Max Consecutive Ones III

Given a binary array nums and an integer k, return the maximum number of consecutive 1's in the array if you can flip at most k 0's. For example:

Example 1:

Input: nums = [1,1,1,0,0,0,1,1,1,1,0], k = 2 Output: 6 Explanation: [1,1,1,0,0,1,1,1,1,1,1] Bolded numbers were flipped from 0 to 1. The longest subarray is underlined.

Example 2:

Input: nums = [0,0,1,1,0,0,1,1,1,0,1,1,0,0,0,1,1,1,1], k = 3 Output: 10 Explanation: [0,0,1,1,1,1,1,1,1,1,1,1,0,0,0,1,1,1,1] Bolded numbers were flipped from 0 to 1. The longest subarray is underlined.

class Solution:
    def longestOnes(self, nums: List[int], k: int) -> int:
        left = 0
        zeros = 0
        max_len = 0

        for right in range(len(nums)):
            if nums[right] == 0:
                zeros += 1

            while zeros > k:
                if nums[left] == 0:
                    zeros -= 1
                left += 1

            max_len = max(max_len, right - left + 1)

        return max_len

Brute Force Solution

The brute force solution would involve iterating through all possible subarrays and, for each subarray, counting the number of zeros. If the number of zeros is less than or equal to k, we update the maximum length. This is highly inefficient.

Optimal Solution

The optimal solution uses a sliding window approach. We maintain a window and track the number of zeros within the window. If the number of zeros exceeds k, we shrink the window from the left until the number of zeros is back within the limit.

Big(O) Run-time Analysis

The run-time complexity is O(n), where n is the length of the input array nums. The for loop iterates through the array once, and the while loop inside it runs at most n times in total (as left can only increment up to n).

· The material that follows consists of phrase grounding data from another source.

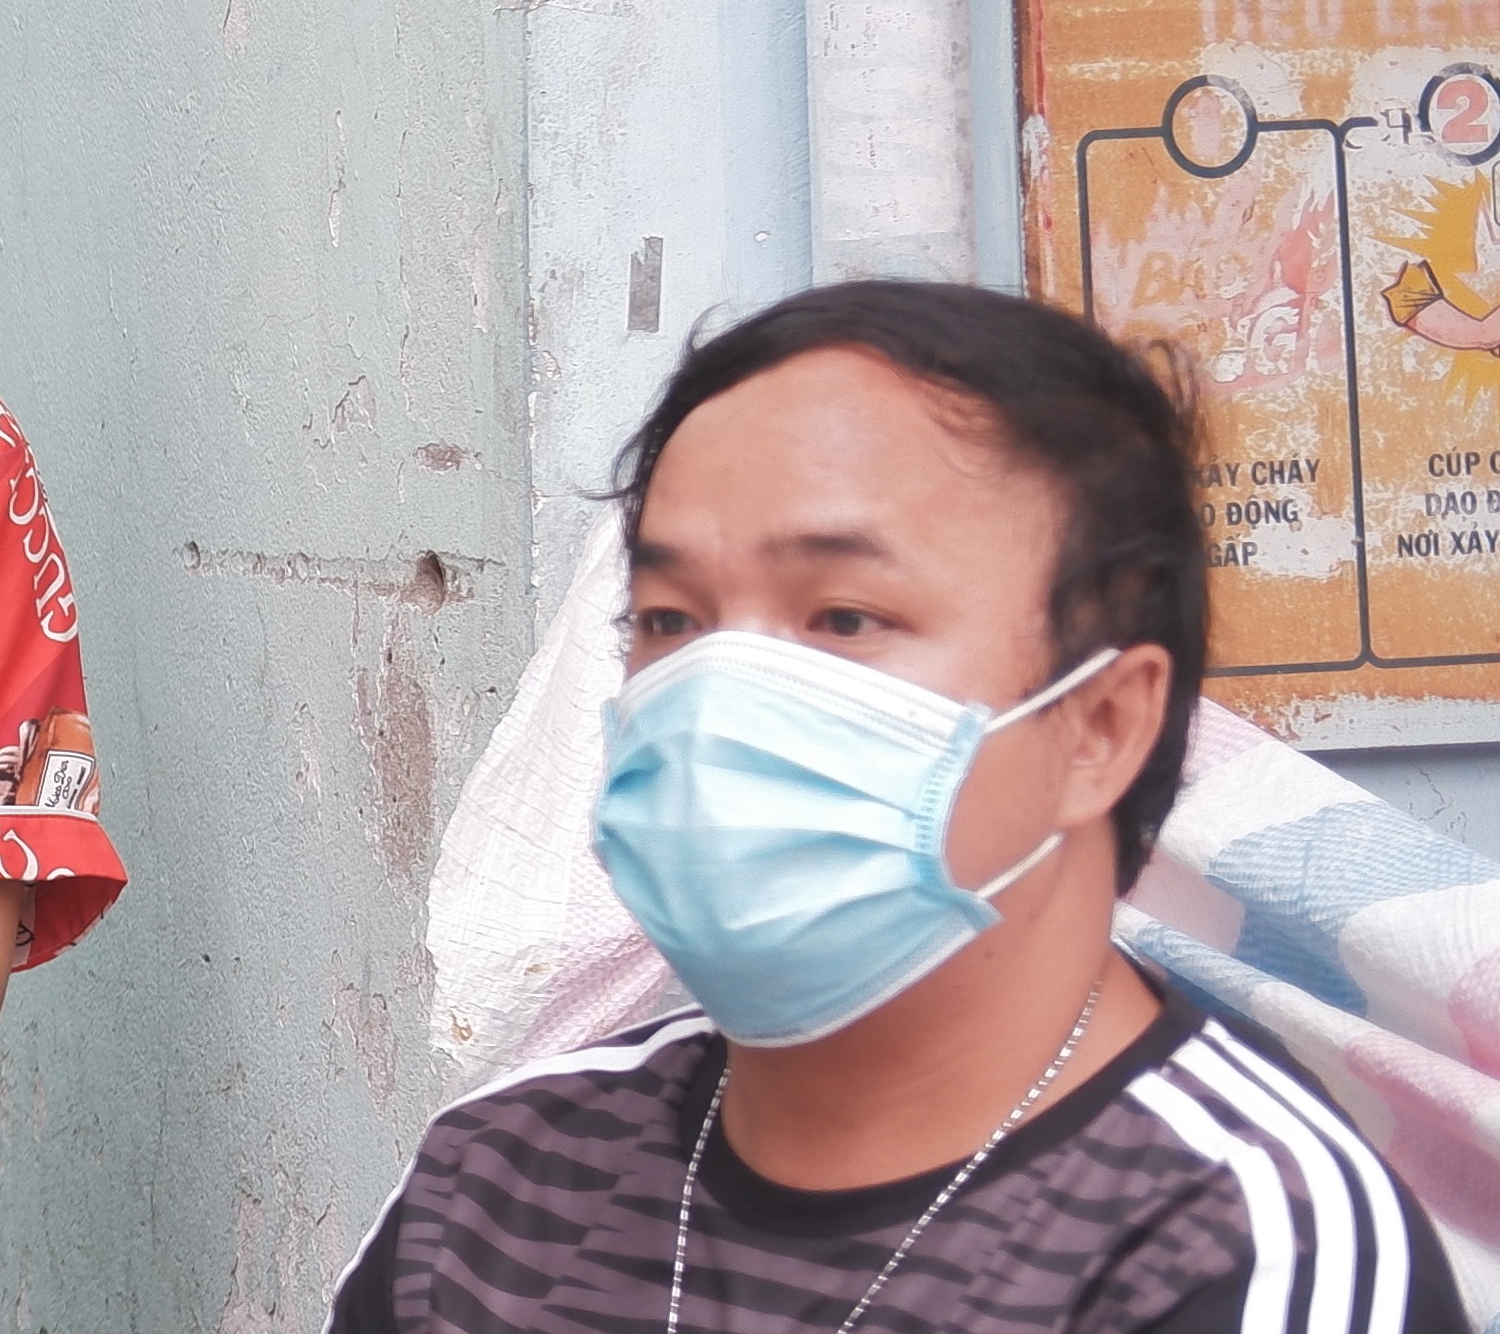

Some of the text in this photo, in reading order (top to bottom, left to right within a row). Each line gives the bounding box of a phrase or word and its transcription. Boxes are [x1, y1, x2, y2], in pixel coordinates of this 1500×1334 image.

[1437, 79, 1489, 144] 2
[1252, 452, 1321, 485] CHÁY
[1428, 446, 1480, 478] CÚP
[1226, 494, 1299, 531] ĐỘNG
[1424, 490, 1478, 517] DAO
[1397, 521, 1500, 558] NƠI XẢY
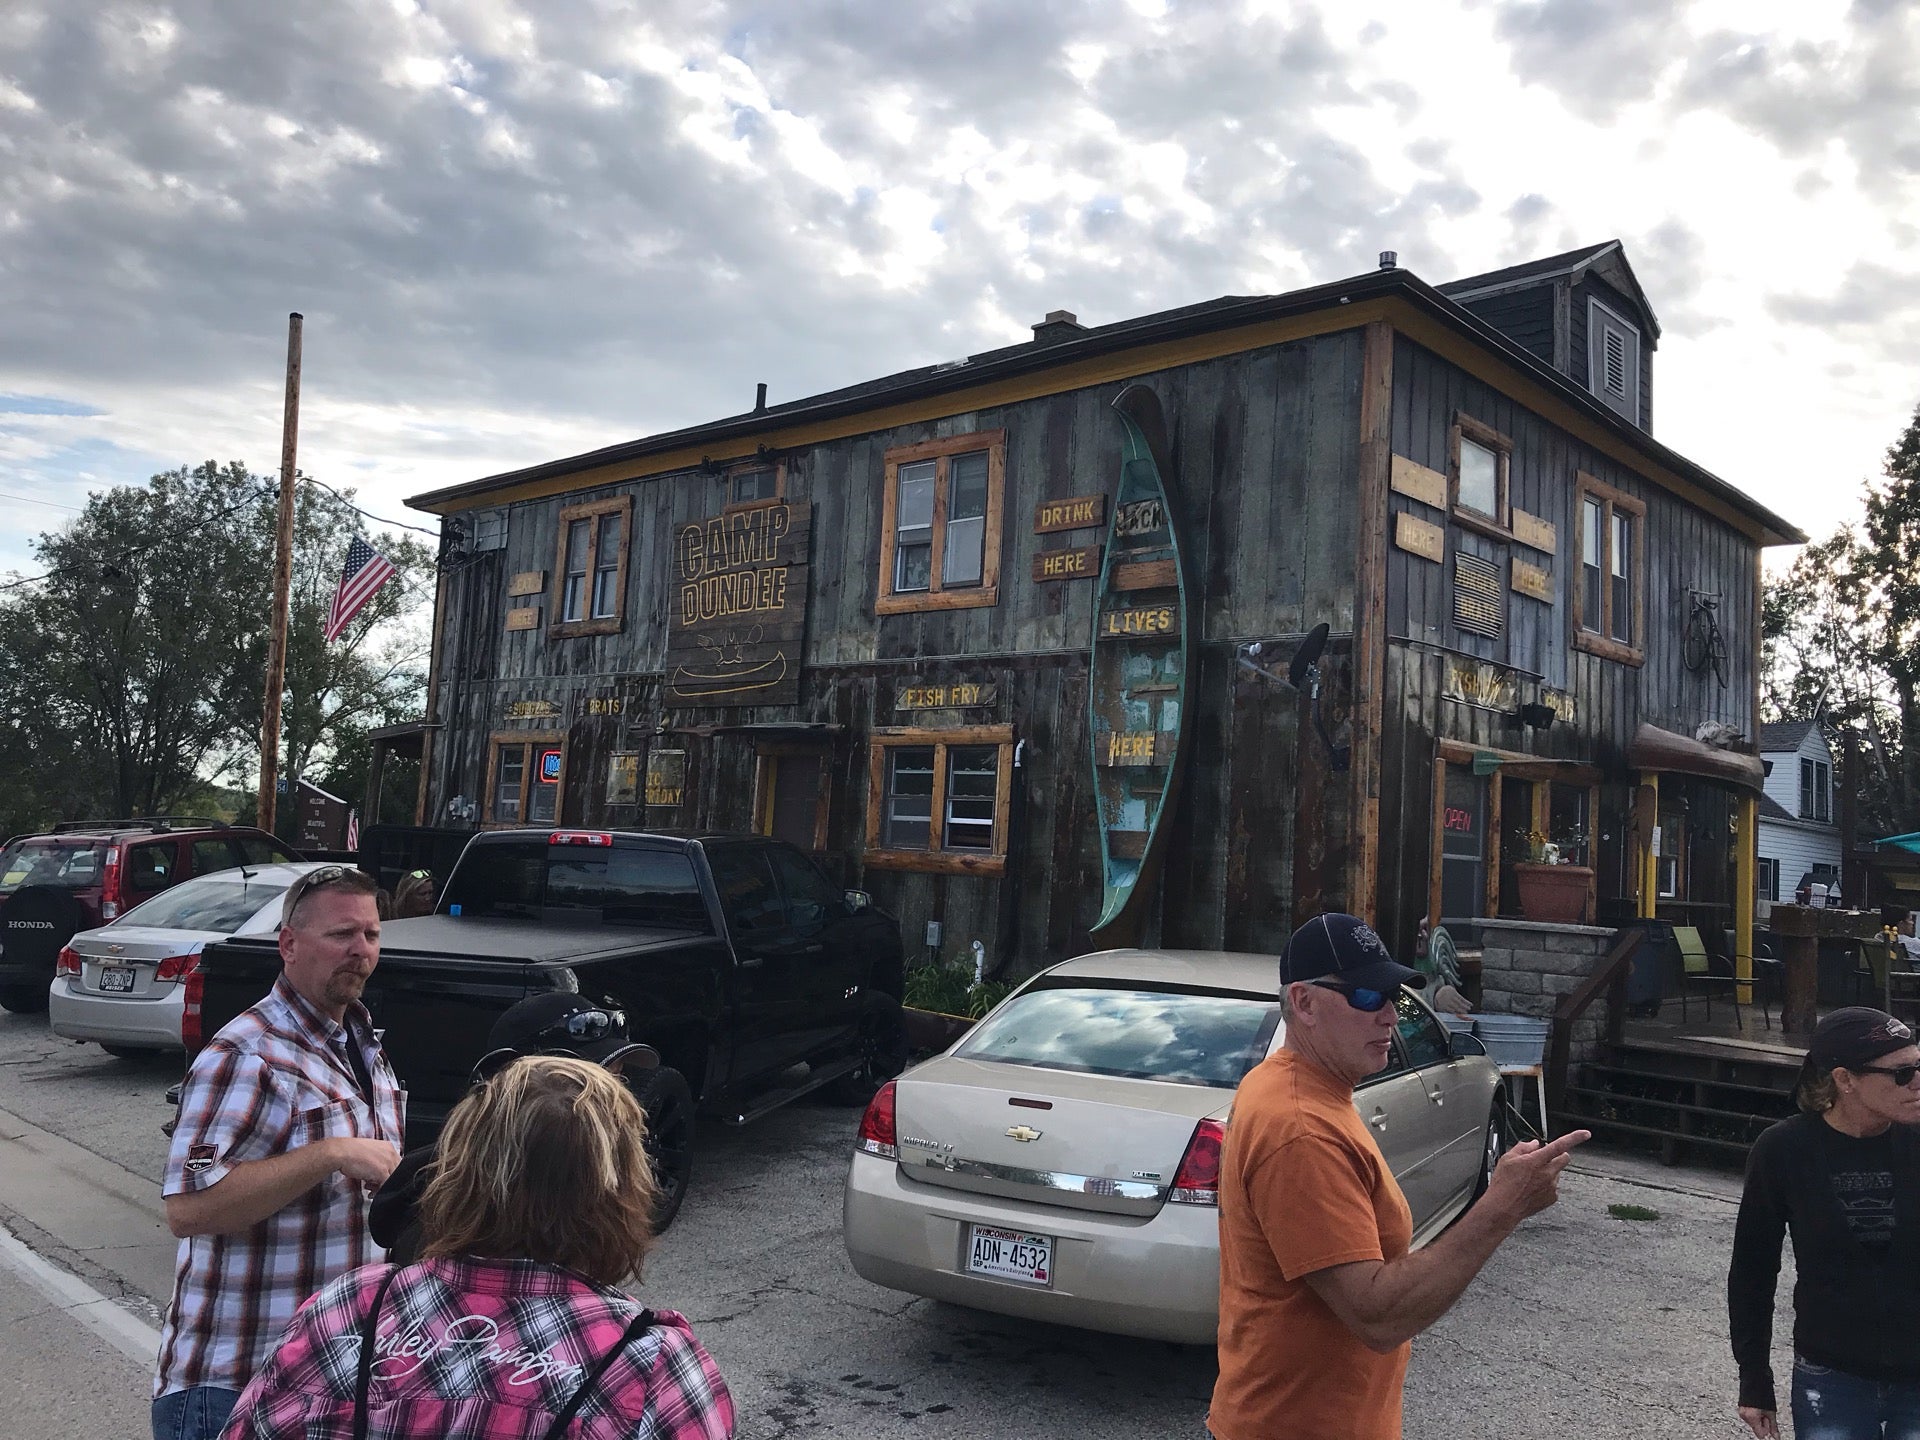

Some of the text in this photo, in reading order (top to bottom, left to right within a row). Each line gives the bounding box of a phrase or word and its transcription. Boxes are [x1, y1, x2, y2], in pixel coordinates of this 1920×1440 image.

[1042, 502, 1093, 527] DRINK
[681, 505, 790, 580] CAMP
[1404, 522, 1433, 553] HERE
[1044, 553, 1085, 575] HERE
[1521, 568, 1546, 594] HERE
[682, 568, 787, 625] DUNDEE
[1110, 610, 1169, 633] LIVES
[907, 686, 980, 706] FISH FRY
[589, 699, 620, 716] BRATS
[1109, 737, 1154, 758] HERE
[646, 789, 682, 804] RIDAY
[1444, 807, 1471, 832] OPEN
[7, 920, 55, 929] HONDA
[903, 1135, 939, 1149] IMPALA
[975, 1227, 1017, 1241] WISCONSIN
[974, 1238, 1047, 1272] ADN-4532
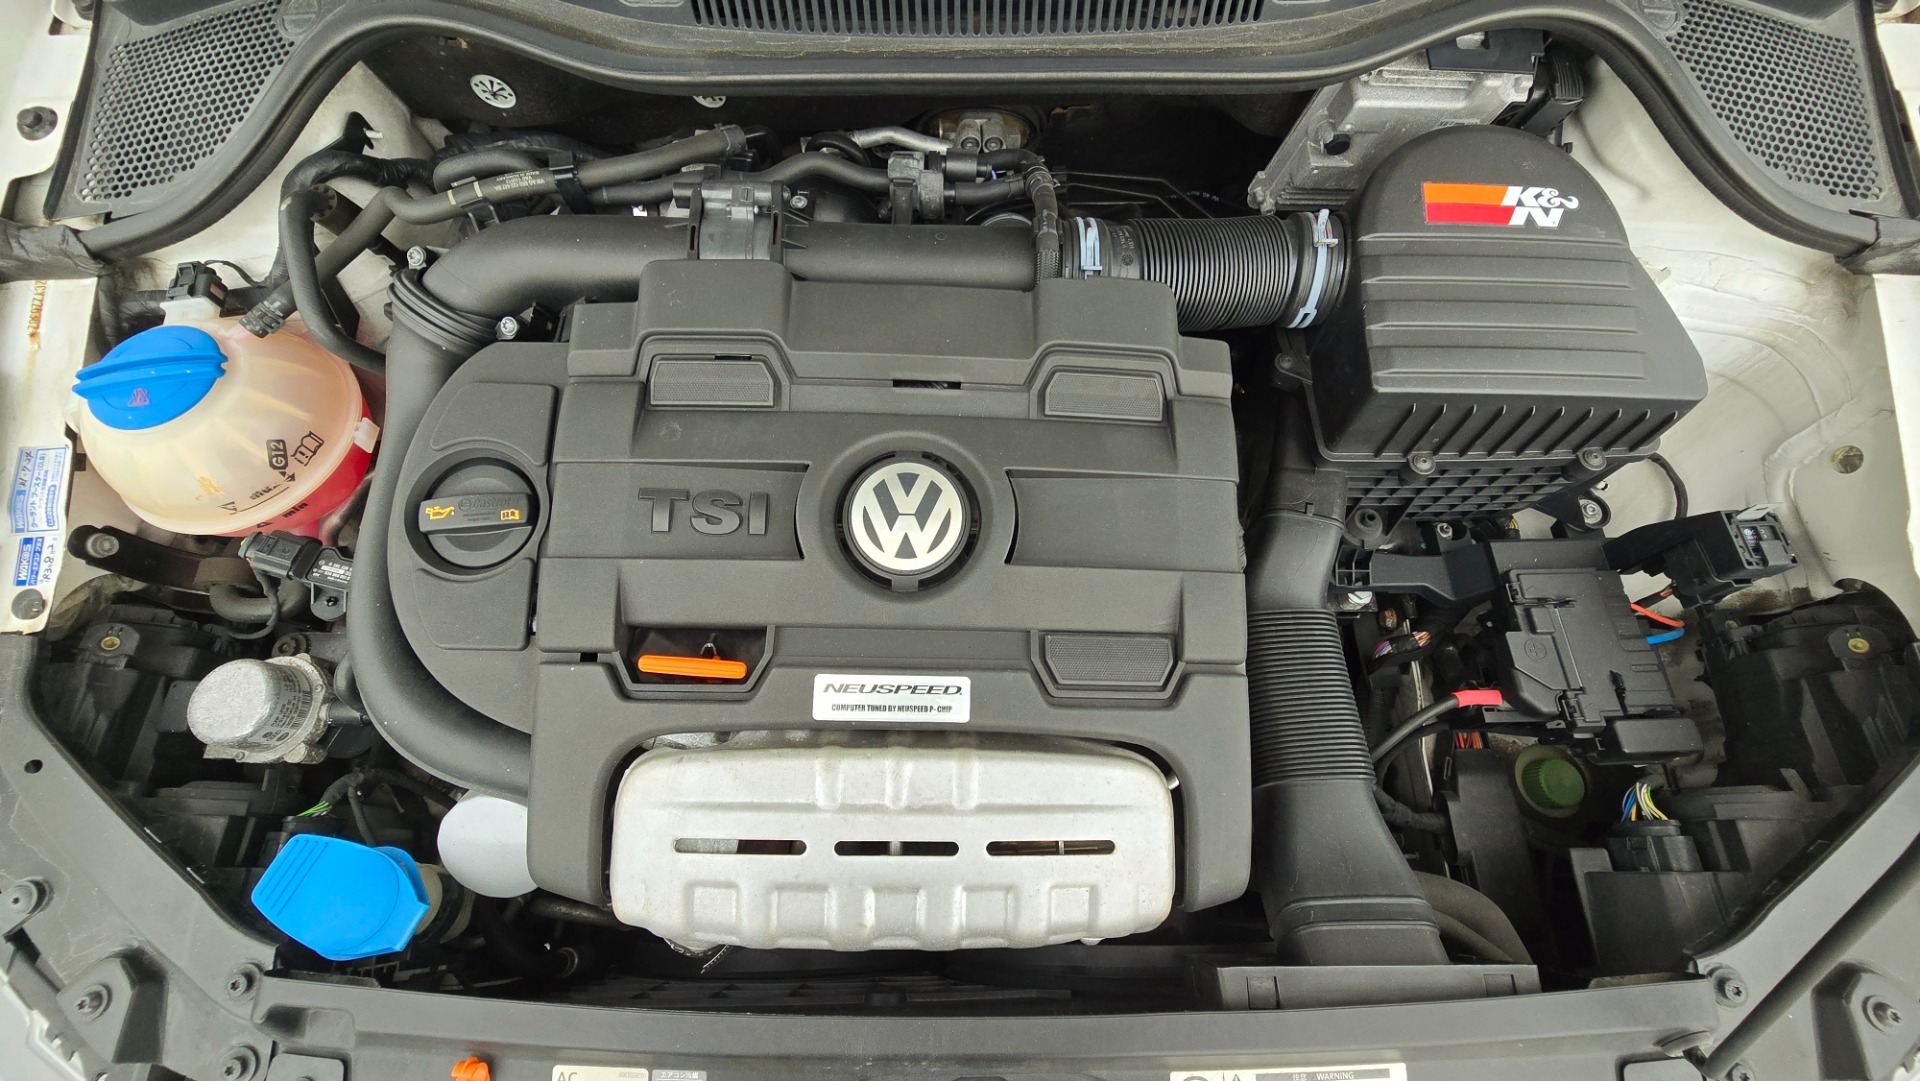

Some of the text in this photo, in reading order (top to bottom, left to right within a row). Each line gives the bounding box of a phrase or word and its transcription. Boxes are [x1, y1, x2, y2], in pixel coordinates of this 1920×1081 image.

[271, 441, 287, 467] G12
[638, 487, 771, 536] TSI
[831, 703, 866, 712] COMPUTER
[867, 704, 887, 713] TUNED
[888, 704, 897, 713] BY
[897, 705, 929, 713] NEUSPEED
[1316, 1071, 1355, 1081] WARNING

Big(O) Space Usage Analysis

The space complexity is O(1) because we only use a few constant extra variables (left, zeros, max_len). The algorithm operates in place without using additional data structures that scale with the input size.

Edge Cases

1. Empty Array: If the input array nums is empty, the function should return 0.
2. k = 0: If k is 0, the function should return the maximum number of consecutive 1s in the array without flipping any zeros.
3. k >= length of nums: If k is greater than or equal to the length of nums, the function should return the length of nums because we can flip all zeros to ones.
4. All 1s: If the array contains all 1s, the function should return the length of the array.
5. All 0s: If the array contains all 0s, the function should return k (or the length of the array, whichever is smaller).